The plan focuses on systems and is centred on the decision-making power of people to define how to access their culturally appropriate foods. Further, it puts local farmers and other food providers at the centre of the food system and highlights relationships between communities, nature, and sustainability. The plan can be seen as advancing The City of Toronto’s strategies and commitments, for example, Prosperity TO: Toronto Poverty, and the Resilience Strategy, among many others.

The report is structured with 5 thematic pillars:

  • Sustainable funding & community capacity
  • Access to growing space
  • Accessible infrastructure
  • Black food hubs and cultural markets
  • Culturally rooted community health & nutrition programs 

The pillars are accompanied by 45 recommendations, many of which specifically address enhancing agency.

Best wishes,

James Kuhns MSc, Lecturer, Toronto Metropolitan University, Toronto, Canada

Fiona Wallace PhD, Nutrition Opportunities Worldwide, Toronto, Canada

Dear authors and moderators,

First of all, congratulations on a fantastic and comprehensive report that sets out a compelling conceptual framework and strong key principles. Attached you will find Rikolto's contribution to the consultation on the V0 draft of the HLPE-FSN report #19.

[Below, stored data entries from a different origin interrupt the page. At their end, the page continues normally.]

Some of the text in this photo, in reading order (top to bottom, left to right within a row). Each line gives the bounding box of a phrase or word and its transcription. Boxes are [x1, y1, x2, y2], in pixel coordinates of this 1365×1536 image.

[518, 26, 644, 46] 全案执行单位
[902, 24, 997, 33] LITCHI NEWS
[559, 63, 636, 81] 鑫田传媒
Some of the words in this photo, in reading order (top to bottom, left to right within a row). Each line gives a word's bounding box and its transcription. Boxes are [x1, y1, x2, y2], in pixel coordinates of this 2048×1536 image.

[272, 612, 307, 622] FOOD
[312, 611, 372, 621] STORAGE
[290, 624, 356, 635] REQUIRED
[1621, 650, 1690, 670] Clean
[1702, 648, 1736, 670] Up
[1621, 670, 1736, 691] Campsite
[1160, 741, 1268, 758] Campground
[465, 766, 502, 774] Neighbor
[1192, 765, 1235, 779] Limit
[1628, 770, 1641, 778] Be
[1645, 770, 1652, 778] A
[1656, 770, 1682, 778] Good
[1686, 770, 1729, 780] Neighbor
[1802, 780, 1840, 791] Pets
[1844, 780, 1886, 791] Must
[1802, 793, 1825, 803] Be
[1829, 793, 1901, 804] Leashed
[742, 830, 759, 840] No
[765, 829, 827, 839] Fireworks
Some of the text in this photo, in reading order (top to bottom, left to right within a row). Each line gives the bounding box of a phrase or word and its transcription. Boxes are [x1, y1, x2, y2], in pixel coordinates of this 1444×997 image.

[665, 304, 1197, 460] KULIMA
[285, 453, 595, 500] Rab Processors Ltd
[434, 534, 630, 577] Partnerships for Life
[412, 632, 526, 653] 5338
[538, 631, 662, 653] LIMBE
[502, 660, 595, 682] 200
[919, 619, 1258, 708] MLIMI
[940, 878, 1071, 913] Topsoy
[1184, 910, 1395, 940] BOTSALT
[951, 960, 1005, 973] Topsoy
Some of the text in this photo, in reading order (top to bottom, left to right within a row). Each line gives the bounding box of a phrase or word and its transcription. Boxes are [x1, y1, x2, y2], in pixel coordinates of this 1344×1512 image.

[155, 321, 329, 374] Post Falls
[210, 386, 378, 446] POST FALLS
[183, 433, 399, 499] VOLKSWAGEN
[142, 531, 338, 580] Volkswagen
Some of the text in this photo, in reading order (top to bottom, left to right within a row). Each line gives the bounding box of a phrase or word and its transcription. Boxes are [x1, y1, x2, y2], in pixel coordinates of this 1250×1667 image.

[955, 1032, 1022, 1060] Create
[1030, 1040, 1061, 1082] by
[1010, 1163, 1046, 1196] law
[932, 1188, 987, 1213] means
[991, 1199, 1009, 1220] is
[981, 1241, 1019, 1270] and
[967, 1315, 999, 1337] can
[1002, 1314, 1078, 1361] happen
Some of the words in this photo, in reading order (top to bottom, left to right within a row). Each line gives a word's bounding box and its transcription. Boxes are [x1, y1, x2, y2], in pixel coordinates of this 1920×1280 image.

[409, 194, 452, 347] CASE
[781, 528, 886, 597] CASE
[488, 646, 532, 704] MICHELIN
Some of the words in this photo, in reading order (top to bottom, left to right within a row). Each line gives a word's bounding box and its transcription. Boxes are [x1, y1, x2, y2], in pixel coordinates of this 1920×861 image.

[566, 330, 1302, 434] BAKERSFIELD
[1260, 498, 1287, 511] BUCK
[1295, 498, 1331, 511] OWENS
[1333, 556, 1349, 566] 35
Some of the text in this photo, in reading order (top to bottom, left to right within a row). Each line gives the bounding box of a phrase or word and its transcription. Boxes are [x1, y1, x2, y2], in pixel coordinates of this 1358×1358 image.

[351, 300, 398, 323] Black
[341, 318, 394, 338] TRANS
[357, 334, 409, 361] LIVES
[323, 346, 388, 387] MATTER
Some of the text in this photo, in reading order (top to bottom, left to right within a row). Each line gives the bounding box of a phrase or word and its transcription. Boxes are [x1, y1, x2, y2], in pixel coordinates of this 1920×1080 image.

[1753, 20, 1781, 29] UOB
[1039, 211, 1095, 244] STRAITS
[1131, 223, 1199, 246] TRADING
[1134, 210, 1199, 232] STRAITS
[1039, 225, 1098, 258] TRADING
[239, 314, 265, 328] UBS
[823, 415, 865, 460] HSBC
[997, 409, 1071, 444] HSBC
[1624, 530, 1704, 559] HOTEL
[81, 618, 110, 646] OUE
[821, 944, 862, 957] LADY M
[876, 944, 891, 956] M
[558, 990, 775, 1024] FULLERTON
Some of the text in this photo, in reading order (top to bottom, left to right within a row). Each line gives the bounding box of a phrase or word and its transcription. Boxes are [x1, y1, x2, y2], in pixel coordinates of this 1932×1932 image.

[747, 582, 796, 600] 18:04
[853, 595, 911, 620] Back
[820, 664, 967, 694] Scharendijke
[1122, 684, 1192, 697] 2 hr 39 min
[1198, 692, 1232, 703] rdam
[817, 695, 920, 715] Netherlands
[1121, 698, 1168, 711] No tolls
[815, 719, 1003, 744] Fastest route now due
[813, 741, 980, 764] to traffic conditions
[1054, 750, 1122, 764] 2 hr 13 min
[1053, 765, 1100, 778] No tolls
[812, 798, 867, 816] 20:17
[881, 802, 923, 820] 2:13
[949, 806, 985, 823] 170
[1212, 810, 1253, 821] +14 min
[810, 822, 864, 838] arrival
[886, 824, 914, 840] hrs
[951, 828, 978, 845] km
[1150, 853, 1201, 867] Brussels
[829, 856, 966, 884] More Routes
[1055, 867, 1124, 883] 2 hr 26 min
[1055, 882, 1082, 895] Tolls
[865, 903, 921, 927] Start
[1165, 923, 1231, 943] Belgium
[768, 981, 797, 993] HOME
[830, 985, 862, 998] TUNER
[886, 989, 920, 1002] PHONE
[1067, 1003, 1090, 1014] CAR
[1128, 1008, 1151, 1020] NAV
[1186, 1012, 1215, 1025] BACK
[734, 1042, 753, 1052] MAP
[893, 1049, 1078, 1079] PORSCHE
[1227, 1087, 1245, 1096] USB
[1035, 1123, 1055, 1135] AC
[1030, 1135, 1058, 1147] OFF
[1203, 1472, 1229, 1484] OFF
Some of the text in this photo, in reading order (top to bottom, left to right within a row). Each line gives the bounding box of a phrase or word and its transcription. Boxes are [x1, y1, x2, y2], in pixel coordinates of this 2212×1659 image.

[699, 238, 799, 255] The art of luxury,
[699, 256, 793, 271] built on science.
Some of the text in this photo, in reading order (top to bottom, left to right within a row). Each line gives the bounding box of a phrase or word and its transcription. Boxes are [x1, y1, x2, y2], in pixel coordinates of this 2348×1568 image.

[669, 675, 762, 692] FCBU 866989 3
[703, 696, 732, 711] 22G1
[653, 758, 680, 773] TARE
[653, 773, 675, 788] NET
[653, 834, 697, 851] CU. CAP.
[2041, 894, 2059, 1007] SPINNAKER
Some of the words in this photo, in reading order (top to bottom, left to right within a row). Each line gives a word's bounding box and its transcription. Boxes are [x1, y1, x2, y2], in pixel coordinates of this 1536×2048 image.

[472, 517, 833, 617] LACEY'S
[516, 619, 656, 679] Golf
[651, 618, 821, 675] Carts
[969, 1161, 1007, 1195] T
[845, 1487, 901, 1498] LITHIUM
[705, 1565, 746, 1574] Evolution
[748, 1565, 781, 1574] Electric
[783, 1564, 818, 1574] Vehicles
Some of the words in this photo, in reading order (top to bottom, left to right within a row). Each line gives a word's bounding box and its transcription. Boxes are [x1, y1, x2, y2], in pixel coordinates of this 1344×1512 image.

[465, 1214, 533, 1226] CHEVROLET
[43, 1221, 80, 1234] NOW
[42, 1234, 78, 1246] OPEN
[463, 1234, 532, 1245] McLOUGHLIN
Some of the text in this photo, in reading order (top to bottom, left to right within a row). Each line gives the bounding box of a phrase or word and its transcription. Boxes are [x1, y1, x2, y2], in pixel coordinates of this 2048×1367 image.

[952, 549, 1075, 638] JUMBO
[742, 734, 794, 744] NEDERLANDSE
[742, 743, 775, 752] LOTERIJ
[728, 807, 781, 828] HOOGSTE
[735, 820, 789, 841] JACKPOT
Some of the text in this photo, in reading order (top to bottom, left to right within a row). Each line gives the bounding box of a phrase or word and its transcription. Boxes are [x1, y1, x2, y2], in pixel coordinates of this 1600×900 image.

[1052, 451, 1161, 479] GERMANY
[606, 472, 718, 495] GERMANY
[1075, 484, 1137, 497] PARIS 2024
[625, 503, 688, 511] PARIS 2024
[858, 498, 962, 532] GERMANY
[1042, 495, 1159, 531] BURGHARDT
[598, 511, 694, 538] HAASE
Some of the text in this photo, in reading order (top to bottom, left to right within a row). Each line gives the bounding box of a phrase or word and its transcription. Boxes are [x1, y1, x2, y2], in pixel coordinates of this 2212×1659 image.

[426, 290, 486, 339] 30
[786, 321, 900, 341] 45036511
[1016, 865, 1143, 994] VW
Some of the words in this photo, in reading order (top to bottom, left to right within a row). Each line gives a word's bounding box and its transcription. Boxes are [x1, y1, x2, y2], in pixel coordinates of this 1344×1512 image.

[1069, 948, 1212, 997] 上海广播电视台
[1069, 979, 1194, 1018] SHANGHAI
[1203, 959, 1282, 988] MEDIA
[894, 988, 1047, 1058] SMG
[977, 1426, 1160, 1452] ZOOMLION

Our comments focus on several points which are detailed in the document attached:

  • Language: we are concerned that the jargon and academic language used in the report may deter what we imagine to be its intended users (government representatives, practitioners, etc.) from engaging with it.
  • Operationalisation of the framework: the report is very theory-heavy and we feel that it would be significantly more accessible if it included practical illustrations and examples of the concepts described. This is done in some sections but not everywhere. Chapter 6 on institutional & policy pathways is weaker compared to the rest of the report. We would like to see more recommendations on how to translate the theoretical suggestions into concrete actions on the ground.
  • Food systems approach and trade-offs: we find that there is insufficient reference to the potential trade-offs and co-benefits with other food system outcome areas namely livelihoods, environmental sustainability and resilience (which was nevertheless addressed to some extent). This is particularly evident in the section on institutional and policy pathways, where several examples of policy instruments were considered only through the lens of food security and nutrition.
  • Foodsheds vs. territories: the concept of foodshed encourages the reader to view production areas solely through the lens of their role in feeding cities which is limitative and carries an extractive connotation. The concepts of city-region food systems and food territories seem more appropriate.
  • Youth: Youth-led movements, CSO initiatives, and SMEs play an important role in putting emerging issues at the forefront and innovating new ways to produce, distribute, process, and consume food in cities. We encourage the authors to acknowledge youth’s leadership in urban food system transformation and to highlight ways in which (local) governments can support them and harness their efforts.
  • The role of private sector, particularly SMEs: the report doesn't clearly articulate how governments can harness the financial and innovative potential of the private sector while protecting themselves from undue influence by corporate actors. As it stands, the private sector is largely absent from most of the report. We would like to see more examples of how governments can work with SMEs to increase the sustainability, efficiency, and resilience of urban and peri-urban food systems, for example through school feeding programmes, local food distribution platforms or the provision of services to smallholder producers and small-scale processors.
  • Interplay with export markets: we believe that it would also be relevant to explore the interplay between export dynamics and urban food system dynamics, where export markets can provide incentives for the adoption of good and safe agricultural practices, while at the same time providing investments in infrastructure, service provision and capacity that could be used in support of better access to nutritious and safe food in urban food markets in a context of market segmentation by farmer organisations.
  • Case studies: finally, we suggest two case studies for your consideration: one on the Good Food parliament in Mbale, Uganda, and one on the Superlist initiative in Belgium which aims to make healthy and sustainable food consumption an easier choice for citizens.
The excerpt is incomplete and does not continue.